● **To do**
Please write out, exactly as given, the line that contains "this 1344×1512 image." and all lines that follow it through the end of the listing, and nothing else.

● **Available data**
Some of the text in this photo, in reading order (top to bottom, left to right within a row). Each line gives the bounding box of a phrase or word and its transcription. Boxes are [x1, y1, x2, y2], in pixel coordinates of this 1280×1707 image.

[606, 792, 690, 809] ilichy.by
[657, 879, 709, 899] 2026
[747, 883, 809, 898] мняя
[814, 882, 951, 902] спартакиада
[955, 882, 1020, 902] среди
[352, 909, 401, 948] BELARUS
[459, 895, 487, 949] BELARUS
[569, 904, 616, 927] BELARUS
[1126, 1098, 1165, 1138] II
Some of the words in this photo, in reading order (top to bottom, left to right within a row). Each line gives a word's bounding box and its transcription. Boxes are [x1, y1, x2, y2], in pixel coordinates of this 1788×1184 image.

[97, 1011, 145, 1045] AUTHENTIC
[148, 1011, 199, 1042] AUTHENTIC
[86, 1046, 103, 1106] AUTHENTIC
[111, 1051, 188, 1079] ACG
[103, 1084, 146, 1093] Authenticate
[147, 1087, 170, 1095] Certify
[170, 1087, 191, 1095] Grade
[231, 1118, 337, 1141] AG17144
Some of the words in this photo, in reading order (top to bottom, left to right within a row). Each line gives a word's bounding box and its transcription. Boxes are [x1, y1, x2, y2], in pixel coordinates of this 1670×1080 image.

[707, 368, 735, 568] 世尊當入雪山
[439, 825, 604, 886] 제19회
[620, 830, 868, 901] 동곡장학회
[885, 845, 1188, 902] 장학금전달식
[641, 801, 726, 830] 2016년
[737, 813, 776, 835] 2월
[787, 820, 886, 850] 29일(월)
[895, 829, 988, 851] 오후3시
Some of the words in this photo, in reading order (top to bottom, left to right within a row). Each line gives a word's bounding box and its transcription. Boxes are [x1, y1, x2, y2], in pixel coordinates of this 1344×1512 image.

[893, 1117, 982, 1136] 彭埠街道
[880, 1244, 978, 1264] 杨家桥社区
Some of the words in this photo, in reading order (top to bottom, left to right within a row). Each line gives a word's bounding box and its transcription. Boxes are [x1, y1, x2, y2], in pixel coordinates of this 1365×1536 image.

● **Output of the task**
Some of the words in this photo, in reading order (top to bottom, left to right within a row). Each line gives a word's bounding box and its transcription. Boxes are [x1, y1, x2, y2], in pixel coordinates of this 1344×1512 image.

[893, 1117, 982, 1136] 彭埠街道
[880, 1244, 978, 1264] 杨家桥社区
Some of the words in this photo, in reading order (top to bottom, left to right within a row). Each line gives a word's bounding box and its transcription. Boxes are [x1, y1, x2, y2], in pixel coordinates of this 1365×1536 image.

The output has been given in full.